Problem description: All of the lines below are to be transcribed faithfully, with pictures excluded from the copy.

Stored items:

====================

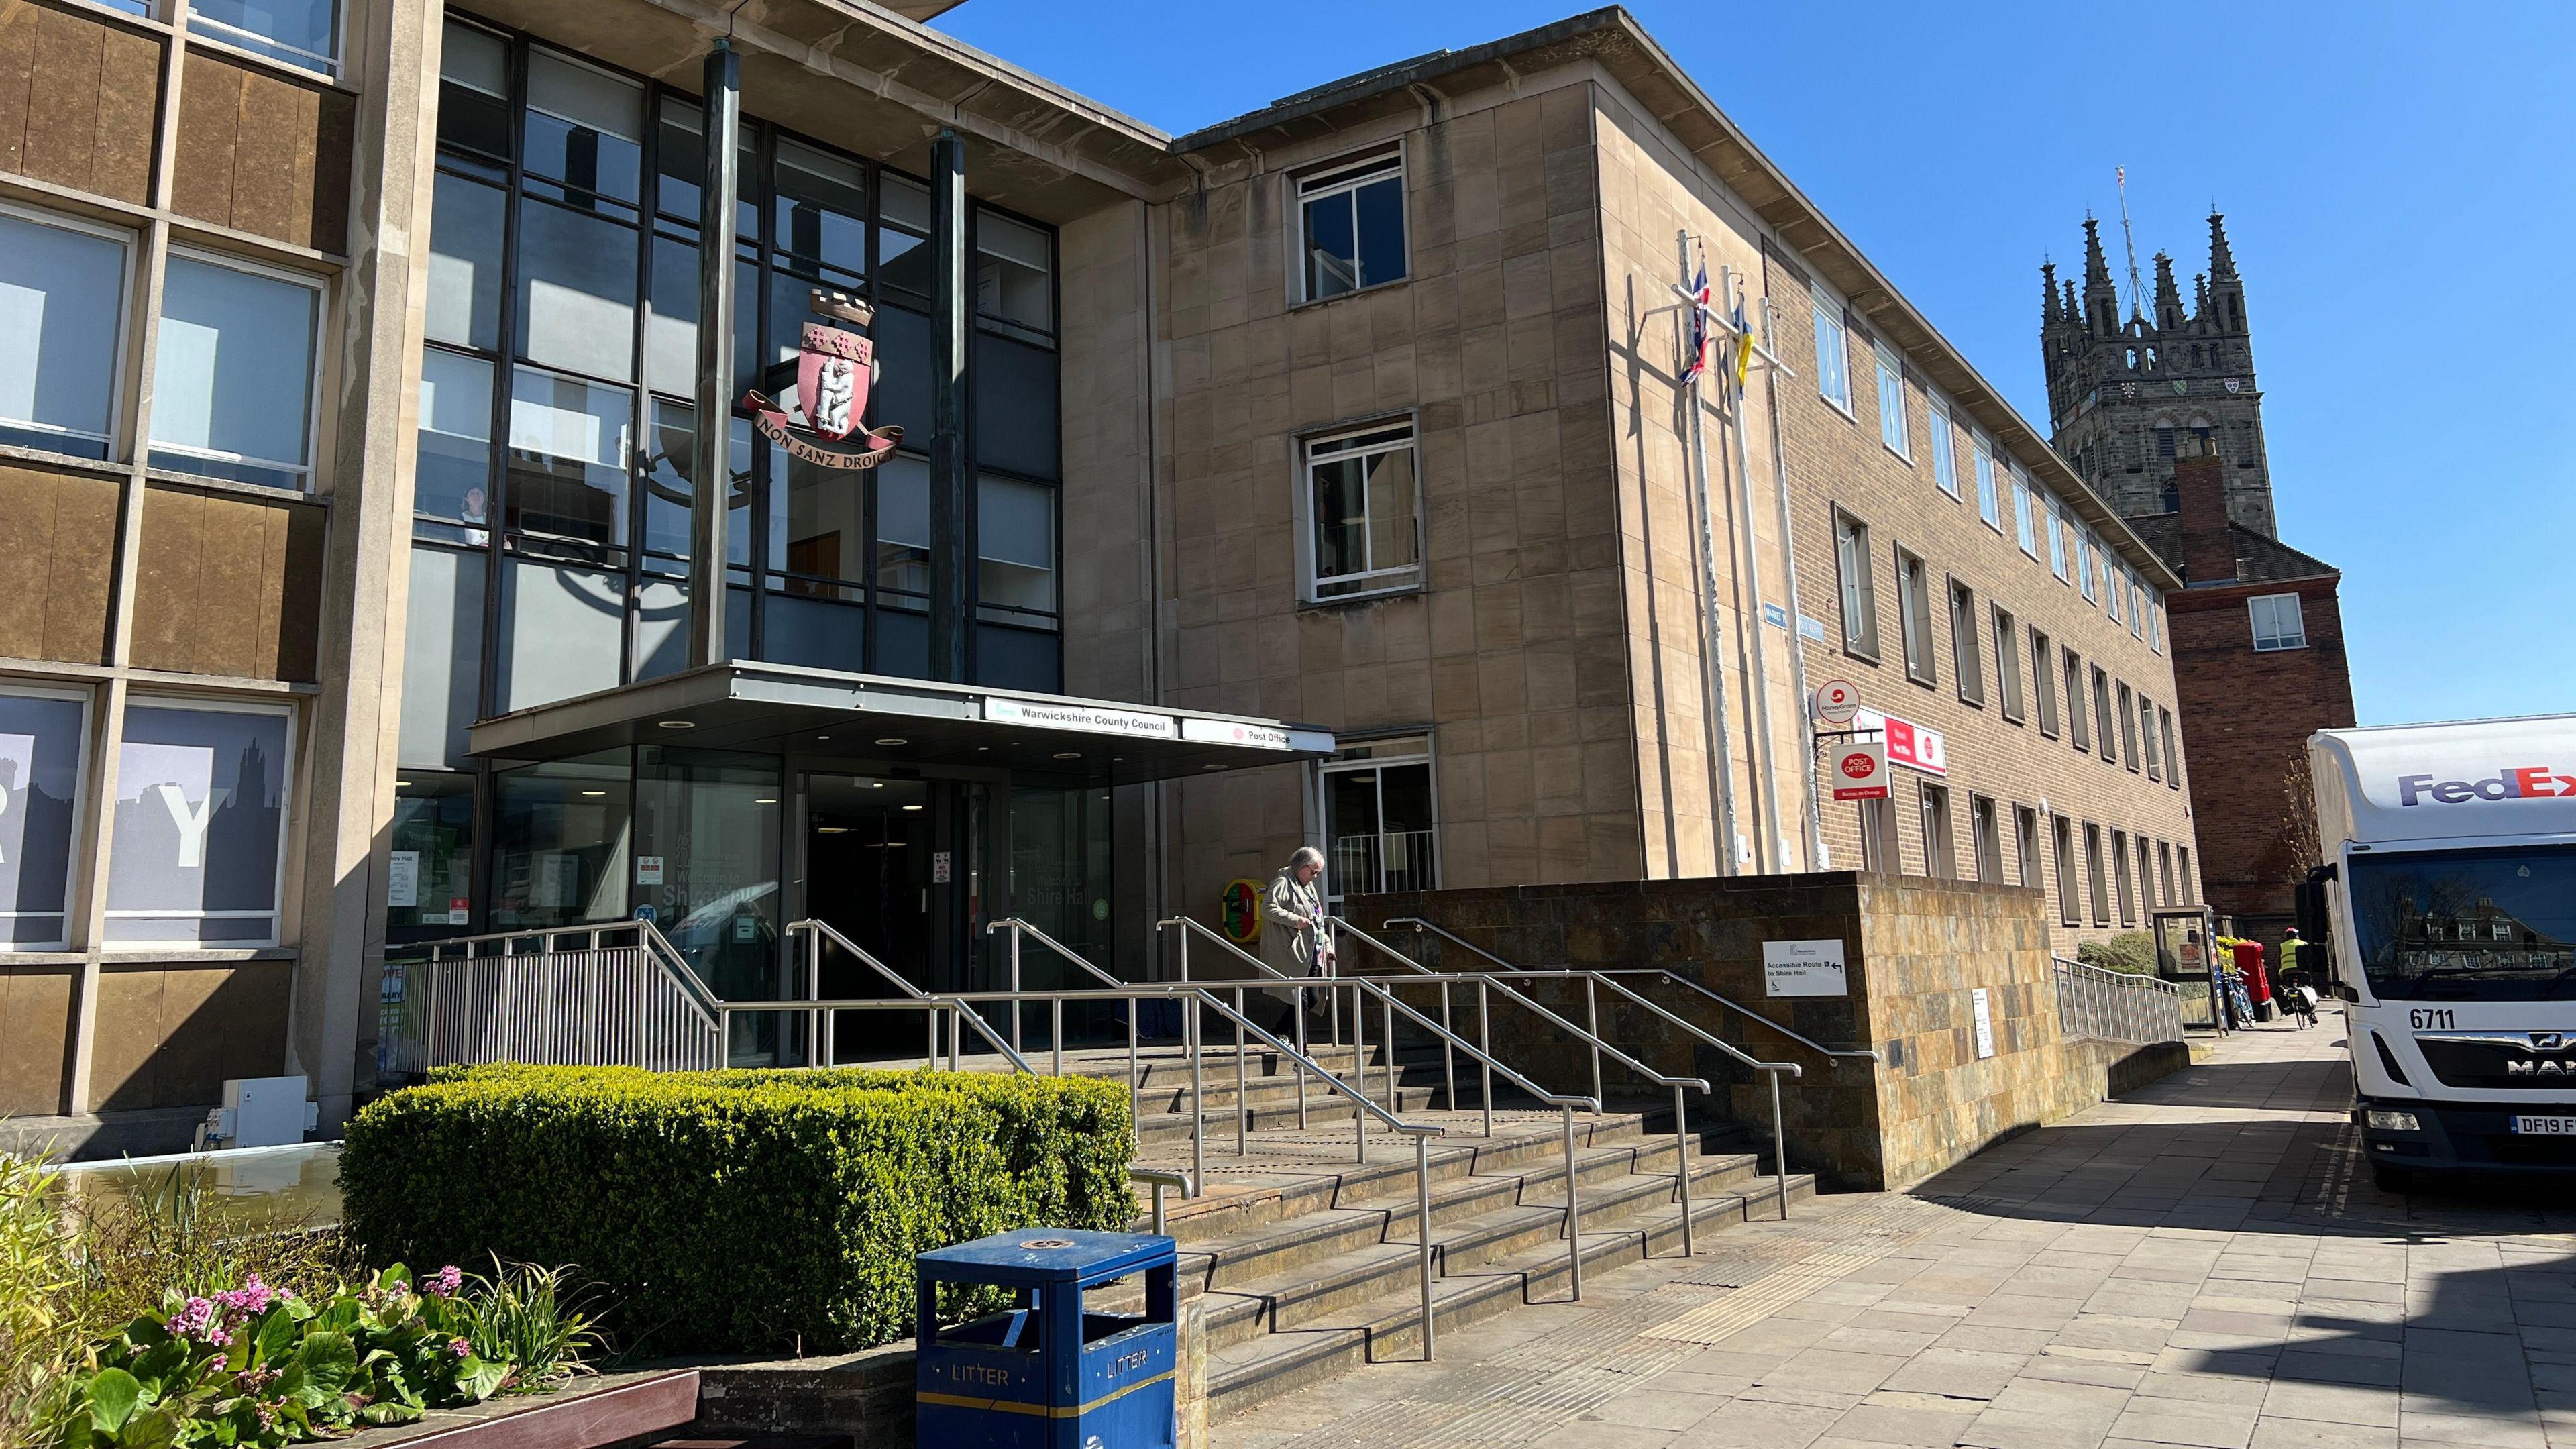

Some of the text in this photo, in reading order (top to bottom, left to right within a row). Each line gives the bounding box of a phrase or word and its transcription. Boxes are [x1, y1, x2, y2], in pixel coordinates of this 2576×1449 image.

[759, 418, 894, 468] NON SANZ DROICT
[1022, 708, 1165, 731] Warwickshire County Council
[1248, 731, 1291, 744] Post Office
[1845, 765, 1872, 773] OFFICE
[676, 870, 741, 883] Welcome to
[1027, 886, 1091, 905] Shire Hall
[2410, 1008, 2455, 1030] 6711
[2522, 1118, 2576, 1133] DF19 F
[1107, 1349, 1148, 1379] LITTER
[951, 1364, 1009, 1386] LITTER
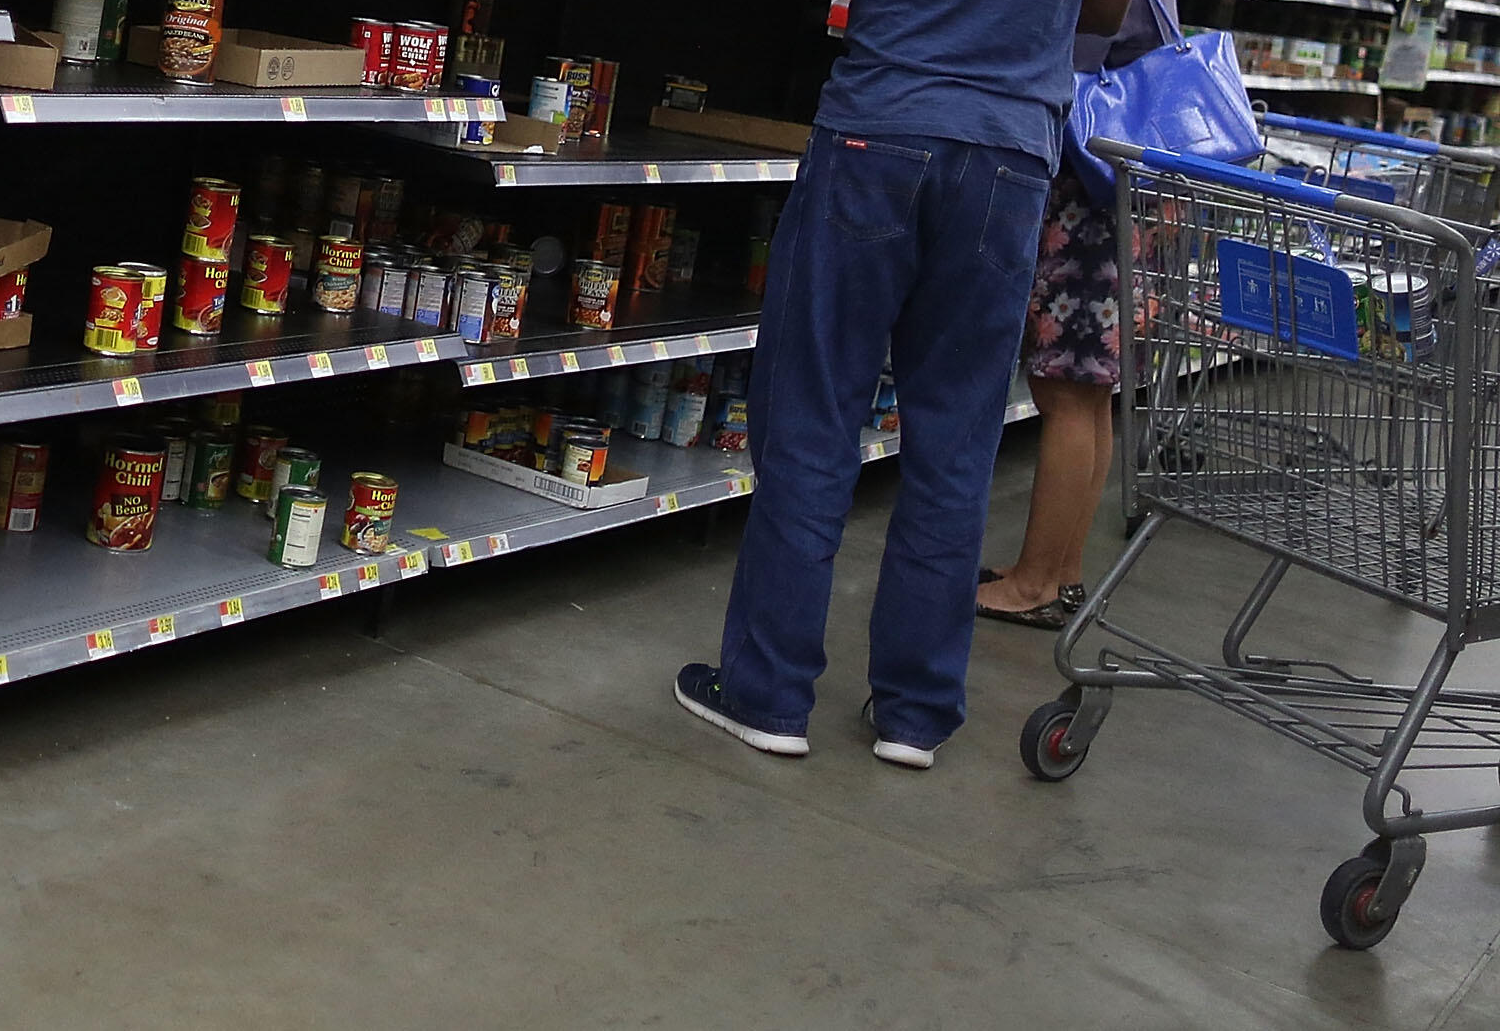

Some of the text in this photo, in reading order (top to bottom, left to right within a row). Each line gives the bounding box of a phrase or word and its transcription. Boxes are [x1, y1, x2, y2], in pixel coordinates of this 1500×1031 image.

[164, 13, 209, 28] Original
[400, 35, 433, 49] WOLF
[402, 51, 428, 61] CHILI
[566, 70, 588, 81] BUSH
[320, 244, 362, 259] Hormel
[328, 255, 353, 268] Chili
[104, 450, 163, 473] Hormel
[115, 471, 152, 487] Chili
[123, 496, 141, 507] NO
[115, 503, 149, 517] Beans

====================

Task response:
Some of the text in this photo, in reading order (top to bottom, left to right within a row). Each line gives the bounding box of a phrase or word and its transcription. Boxes are [x1, y1, x2, y2], in pixel coordinates of this 2576×1449 image.

[759, 418, 894, 468] NON SANZ DROICT
[1022, 708, 1165, 731] Warwickshire County Council
[1248, 731, 1291, 744] Post Office
[1845, 765, 1872, 773] OFFICE
[676, 870, 741, 883] Welcome to
[1027, 886, 1091, 905] Shire Hall
[2410, 1008, 2455, 1030] 6711
[2522, 1118, 2576, 1133] DF19 F
[1107, 1349, 1148, 1379] LITTER
[951, 1364, 1009, 1386] LITTER

Some of the text in this photo, in reading order (top to bottom, left to right within a row). Each line gives the bounding box of a phrase or word and its transcription. Boxes are [x1, y1, x2, y2], in pixel coordinates of this 1500×1031 image.

[164, 13, 209, 28] Original
[400, 35, 433, 49] WOLF
[402, 51, 428, 61] CHILI
[566, 70, 588, 81] BUSH
[320, 244, 362, 259] Hormel
[328, 255, 353, 268] Chili
[104, 450, 163, 473] Hormel
[115, 471, 152, 487] Chili
[123, 496, 141, 507] NO
[115, 503, 149, 517] Beans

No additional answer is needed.